The end-to-end encrypted WhatsApp service is leaving traces of previously deleted chats behind in device storage, making forensic retrieval possible through physical device access or a warrant served on Apple for an iCloud backup.

Security researcher Jonathan Zdziarski has discovered that the only way to truly purge chats made through the communications app, is to delete the app entirely. Zdziarski discovered that even after deletion, only the pointer to the chat on the app's database was removed, leaving the actual chat transcript intact until the OS and the app get around to over-writing the previously used location where the chat was stored.

Retrieval of deleted chats is performed similarly to how assorted undelete apps find accidentally deleted files.

Regardless of how much data has to be written to a block, flash media controllers process an entire block of flash media when it is writing — even if it only needs to write to part of the block. A write to a completely empty block is faster, because the drive doesn't have to copy the partially-full block to a cache, and make the changes in cache before it completely overwrites the cell.

As a result, modern operating systems prioritize those sectors in the interest of speed. Sectors of a medium previously containing data are written to after any zeroed sectors are available, acerbating the issue with WhatsApp not truly erasing stored chats after user deletion.

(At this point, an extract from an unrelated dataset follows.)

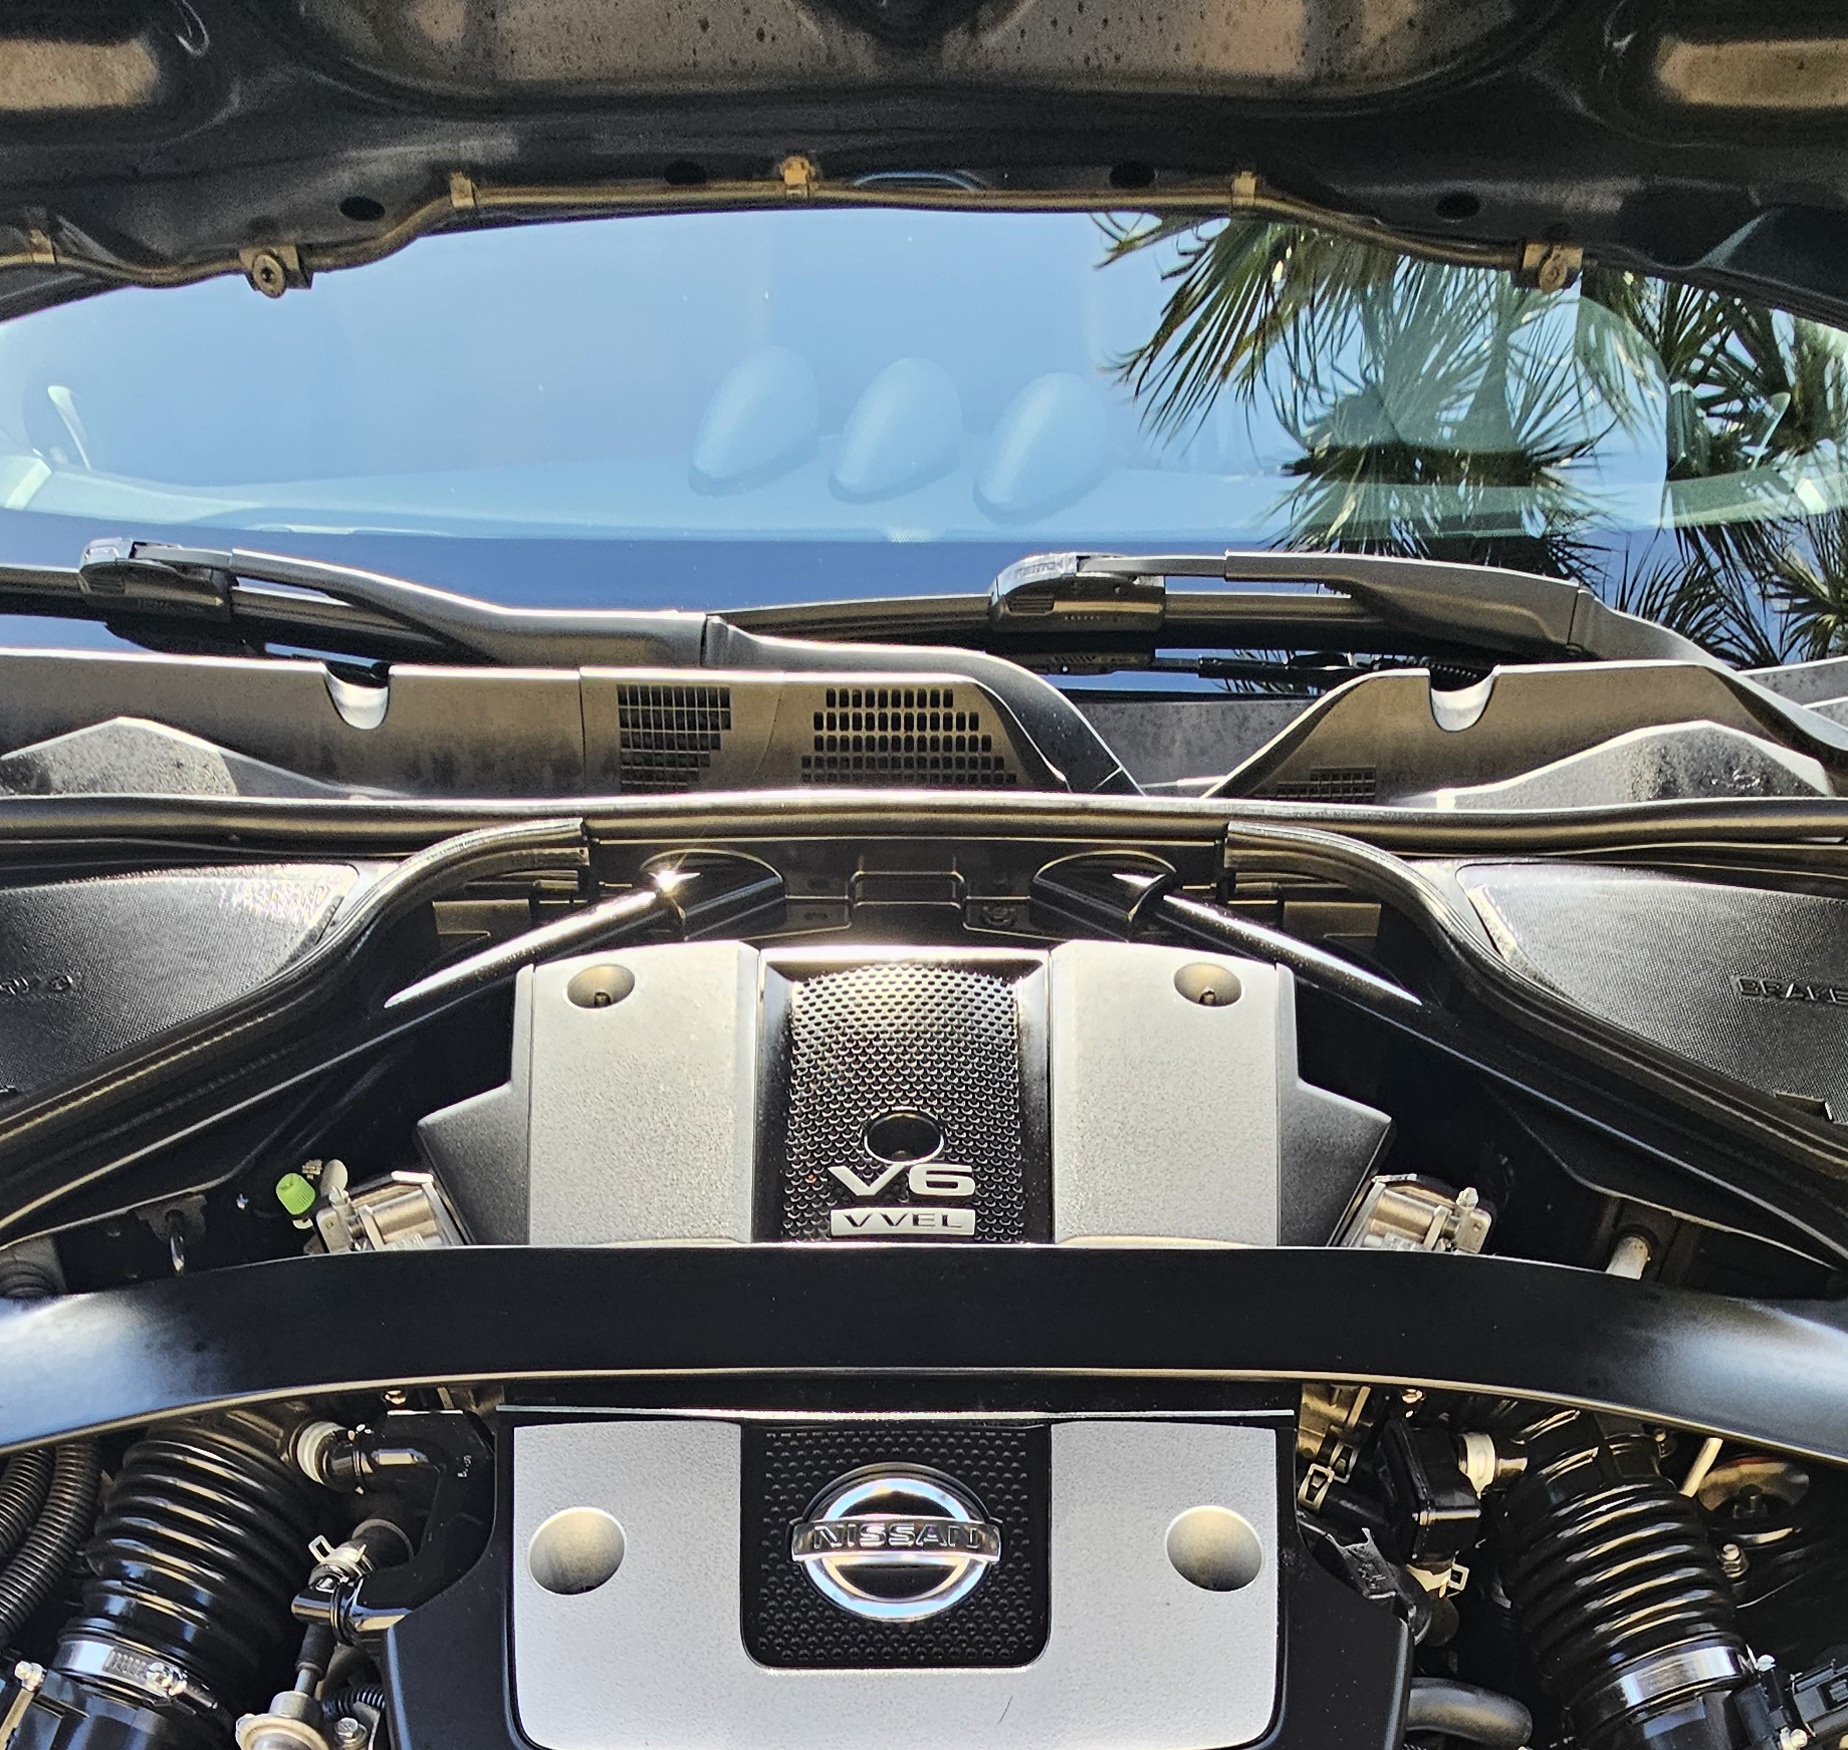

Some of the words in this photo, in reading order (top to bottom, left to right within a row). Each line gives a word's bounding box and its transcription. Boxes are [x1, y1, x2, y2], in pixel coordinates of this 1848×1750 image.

[828, 1163, 976, 1197] V6
[843, 1212, 963, 1228] VVEL
[814, 1523, 981, 1550] NISSAN

Regardless of what's been re-written or retained, "the WhatsApp chat database gets copied over from the iPhone during a backup, which means it will show up in your iCloud backup and in a desktop backup," according to Zdiziarsky. However, iCloud backups do not respect the iTunes setting, and are not encrypted.

While exploitation of the flaw isn't trivial, Zdziarski notes that anyone with physical access to a phone could create a backup with it, if they were granted access. Additionally, anyone with physical access to a computer with a stored backup could copy the backup, made easier by recovering a password for it from the Keychain.

Law enforcement could issue a warrant to Apple to obtain the unencrypted database as well, and feed it to existing forensic tools to obtain the deleted messages that still exist in the media. Furthermore, users can be legally compelled in some locations to submit user credentials in macOS to access stored Keychain passwords, getting at the iTunes backup that way.

Zdziarski also recommends that users periodically delete the application from a device, and reinstall it, which will completely clear the database and all its contents, which "appears to be the only way to flush out deleted records and start fresh."

The security researcher also suggests that the WhatsApp developers shift to Apple's encrypted CoreData routines.

Zdziarski has been delving into iOS security since the launch of the iPhone. He discussed in March 2016 how the FBI could retrieve data from the San Bernardino shooter's iPhone 5c. Additionally, he was the initial discoverer of a large amount of services being unencrypted on the second iOS 10 beta, after discovery of the system's kernel cache not being encrypted.